*** INFORMATION PROVIDED ***

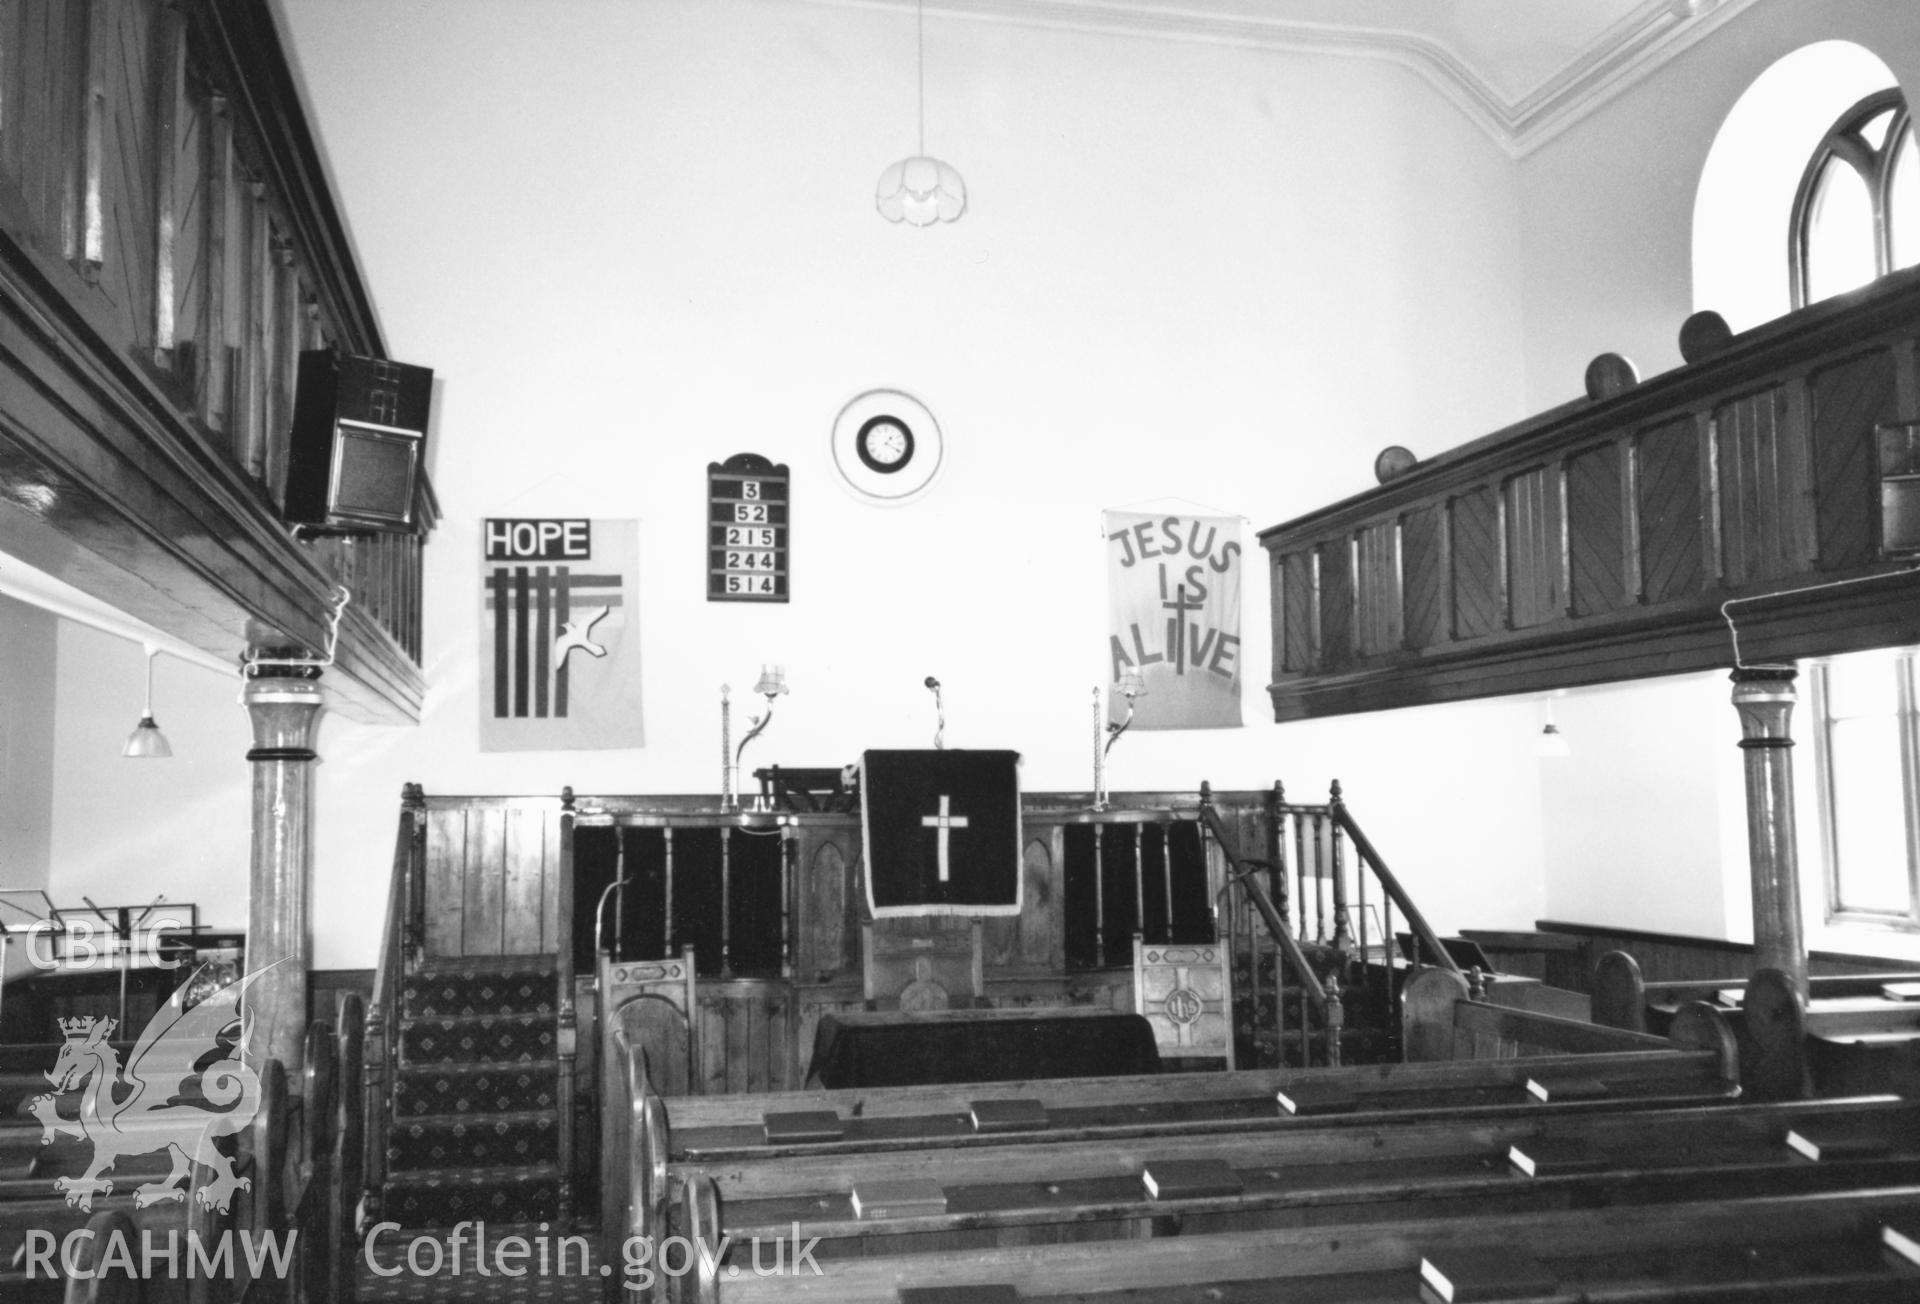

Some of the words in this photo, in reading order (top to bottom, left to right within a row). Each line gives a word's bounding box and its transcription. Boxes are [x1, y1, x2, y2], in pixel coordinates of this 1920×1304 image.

[746, 483, 757, 498] 3
[737, 506, 764, 521] 52
[486, 521, 587, 556] HOPE
[728, 529, 772, 545] 215
[1109, 516, 1242, 573] JESUS
[728, 553, 772, 568] 244
[728, 577, 772, 592] 514
[1159, 562, 1207, 603] IS
[1109, 617, 1241, 683] ALIVE
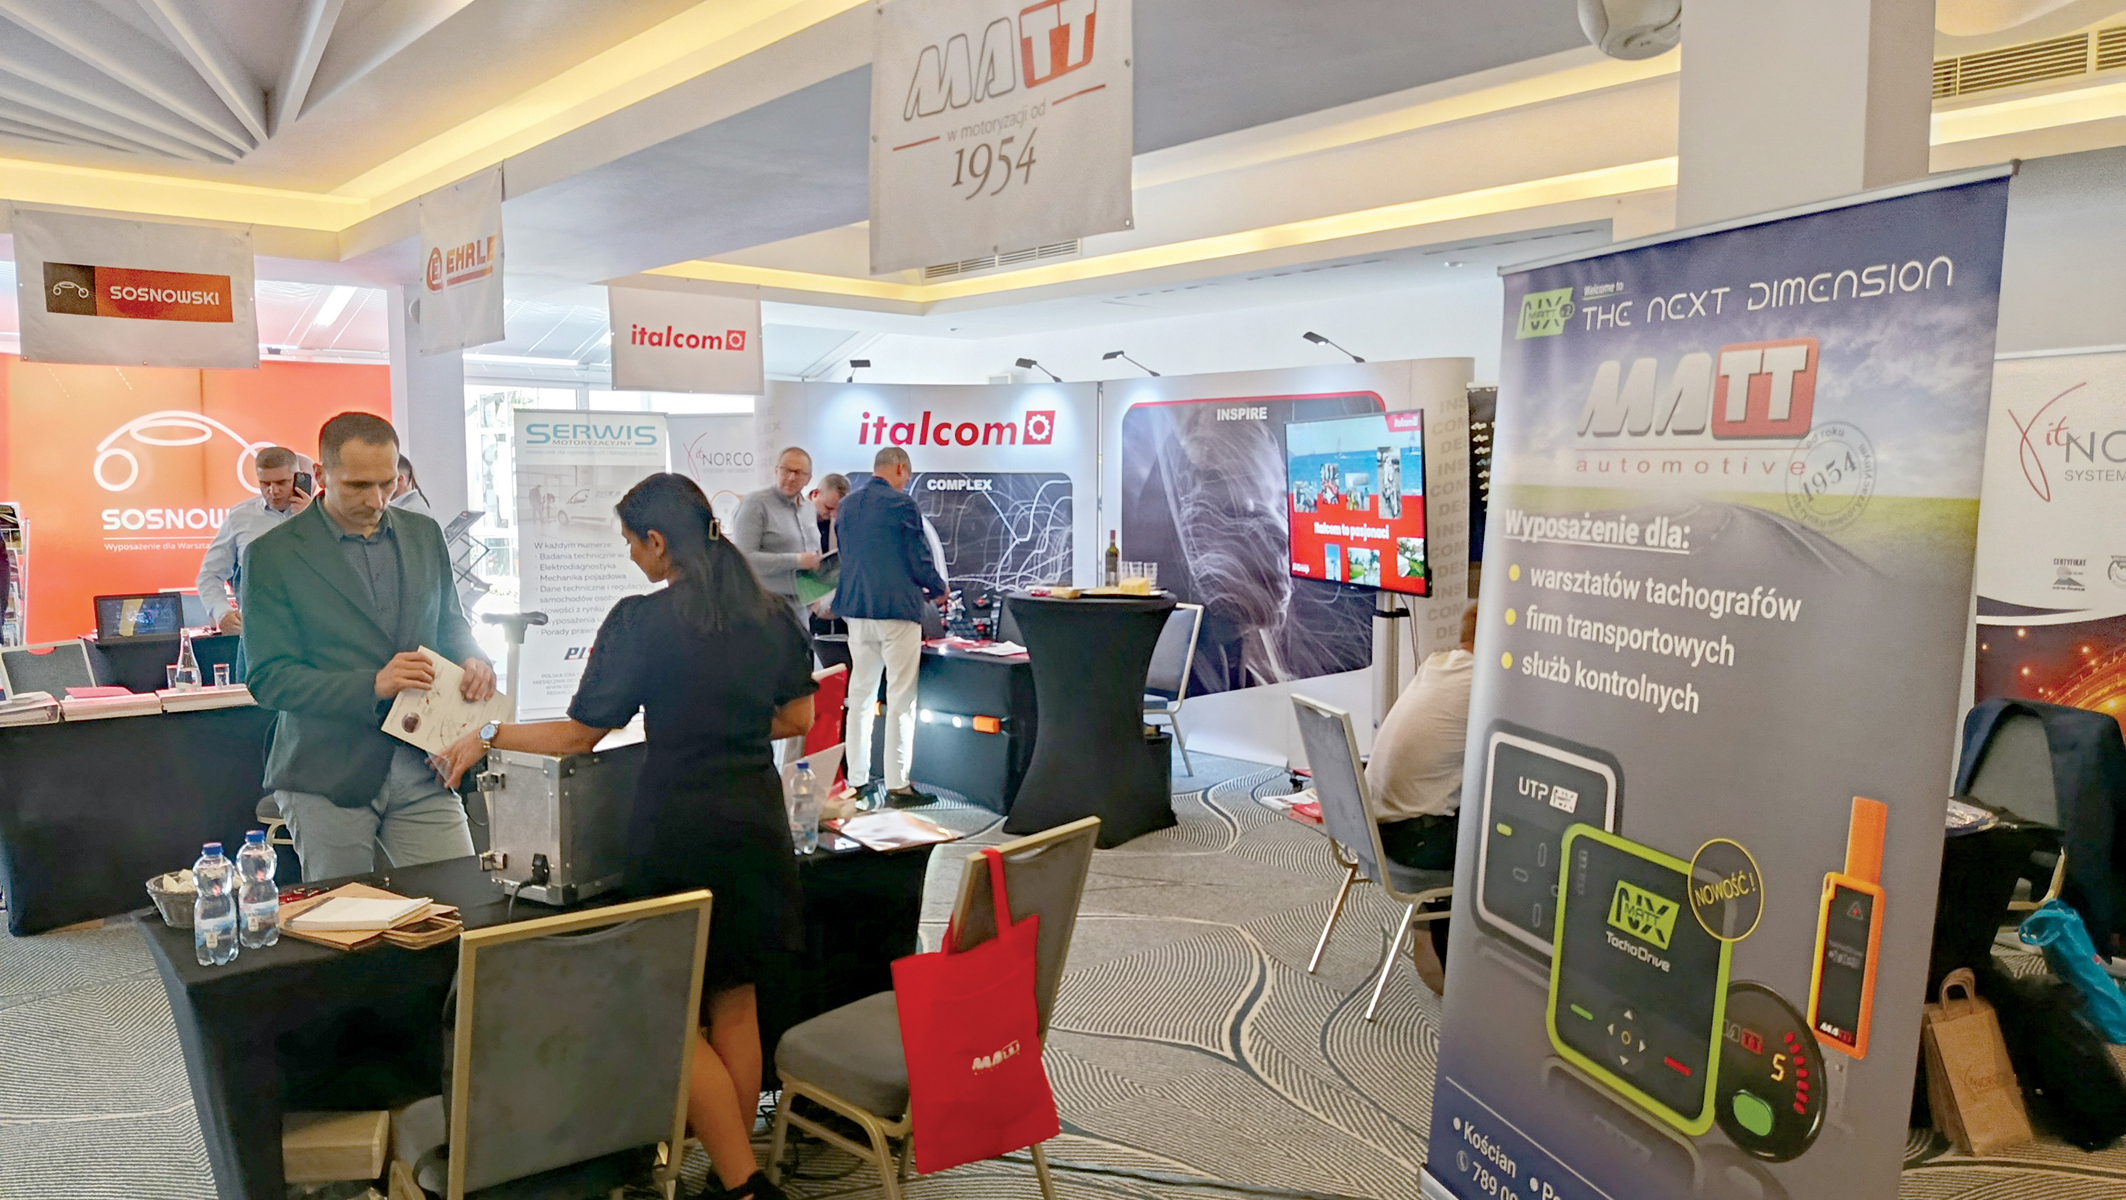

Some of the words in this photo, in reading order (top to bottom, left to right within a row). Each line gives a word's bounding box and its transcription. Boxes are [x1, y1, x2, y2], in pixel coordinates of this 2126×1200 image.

[903, 0, 1097, 121] MATT
[947, 129, 957, 142] w
[961, 107, 1028, 139] motoryzacji
[1031, 98, 1047, 120] od
[951, 127, 1037, 200] 1954
[109, 286, 220, 306] SOSNOWSKI
[1582, 301, 1633, 331] THE
[1647, 286, 1731, 323] NEXT
[1747, 255, 1953, 312] DIMENSION
[1584, 282, 1615, 296] Welcome
[1616, 281, 1624, 292] to
[630, 324, 723, 350] italcom
[1577, 339, 1818, 439] MATT
[1216, 406, 1268, 422] INSPIRE
[526, 423, 657, 446] SERWIS
[858, 411, 1018, 446] italcom
[552, 439, 633, 447] MOTORYZACYJNY
[1576, 457, 1806, 476] automotive
[1803, 450, 1857, 503] 1954
[926, 478, 993, 492] COMPLEX
[101, 508, 230, 531] SOSNOW
[1504, 509, 1640, 545] Wyposażenie
[1645, 515, 1691, 549] dla:
[104, 543, 161, 552] Wyposażenie
[162, 542, 176, 550] dla
[178, 542, 211, 550] Warszta
[544, 542, 576, 550] każdym
[539, 562, 617, 571] Elektrodiagnostyka
[584, 573, 627, 582] pojazdowa
[539, 595, 593, 603] samochodów
[540, 585, 562, 593] Dane
[563, 584, 606, 592] techniczne
[1530, 565, 1641, 600] warsztatów
[1645, 577, 1802, 622] tachografów
[548, 617, 596, 626] yposażenia
[582, 606, 605, 614] rynku
[541, 628, 570, 636] Porady
[1525, 604, 1562, 635] firm
[1566, 613, 1735, 668] transportowych
[1521, 650, 1571, 684] służb
[1574, 659, 1700, 714] kontrolnych
[1518, 776, 1549, 801] UTP
[1605, 930, 1671, 973] TachoDrive
[1770, 1053, 1786, 1082] 5
[1463, 1120, 1517, 1179] Kościan
[1472, 1161, 1498, 1196] 789

*** End of INFORMATION PROVIDED ***

TRY IT:
Write out the lines of the records exactly, starting at the one holding "this 2126×1200 image." and ending with the last line, and include no others.

REPLY TO THE EXERCISE:
Some of the words in this photo, in reading order (top to bottom, left to right within a row). Each line gives a word's bounding box and its transcription. Boxes are [x1, y1, x2, y2], in pixel coordinates of this 2126×1200 image.

[903, 0, 1097, 121] MATT
[947, 129, 957, 142] w
[961, 107, 1028, 139] motoryzacji
[1031, 98, 1047, 120] od
[951, 127, 1037, 200] 1954
[109, 286, 220, 306] SOSNOWSKI
[1582, 301, 1633, 331] THE
[1647, 286, 1731, 323] NEXT
[1747, 255, 1953, 312] DIMENSION
[1584, 282, 1615, 296] Welcome
[1616, 281, 1624, 292] to
[630, 324, 723, 350] italcom
[1577, 339, 1818, 439] MATT
[1216, 406, 1268, 422] INSPIRE
[526, 423, 657, 446] SERWIS
[858, 411, 1018, 446] italcom
[552, 439, 633, 447] MOTORYZACYJNY
[1576, 457, 1806, 476] automotive
[1803, 450, 1857, 503] 1954
[926, 478, 993, 492] COMPLEX
[101, 508, 230, 531] SOSNOW
[1504, 509, 1640, 545] Wyposażenie
[1645, 515, 1691, 549] dla:
[104, 543, 161, 552] Wyposażenie
[162, 542, 176, 550] dla
[178, 542, 211, 550] Warszta
[544, 542, 576, 550] każdym
[539, 562, 617, 571] Elektrodiagnostyka
[584, 573, 627, 582] pojazdowa
[539, 595, 593, 603] samochodów
[540, 585, 562, 593] Dane
[563, 584, 606, 592] techniczne
[1530, 565, 1641, 600] warsztatów
[1645, 577, 1802, 622] tachografów
[548, 617, 596, 626] yposażenia
[582, 606, 605, 614] rynku
[541, 628, 570, 636] Porady
[1525, 604, 1562, 635] firm
[1566, 613, 1735, 668] transportowych
[1521, 650, 1571, 684] służb
[1574, 659, 1700, 714] kontrolnych
[1518, 776, 1549, 801] UTP
[1605, 930, 1671, 973] TachoDrive
[1770, 1053, 1786, 1082] 5
[1463, 1120, 1517, 1179] Kościan
[1472, 1161, 1498, 1196] 789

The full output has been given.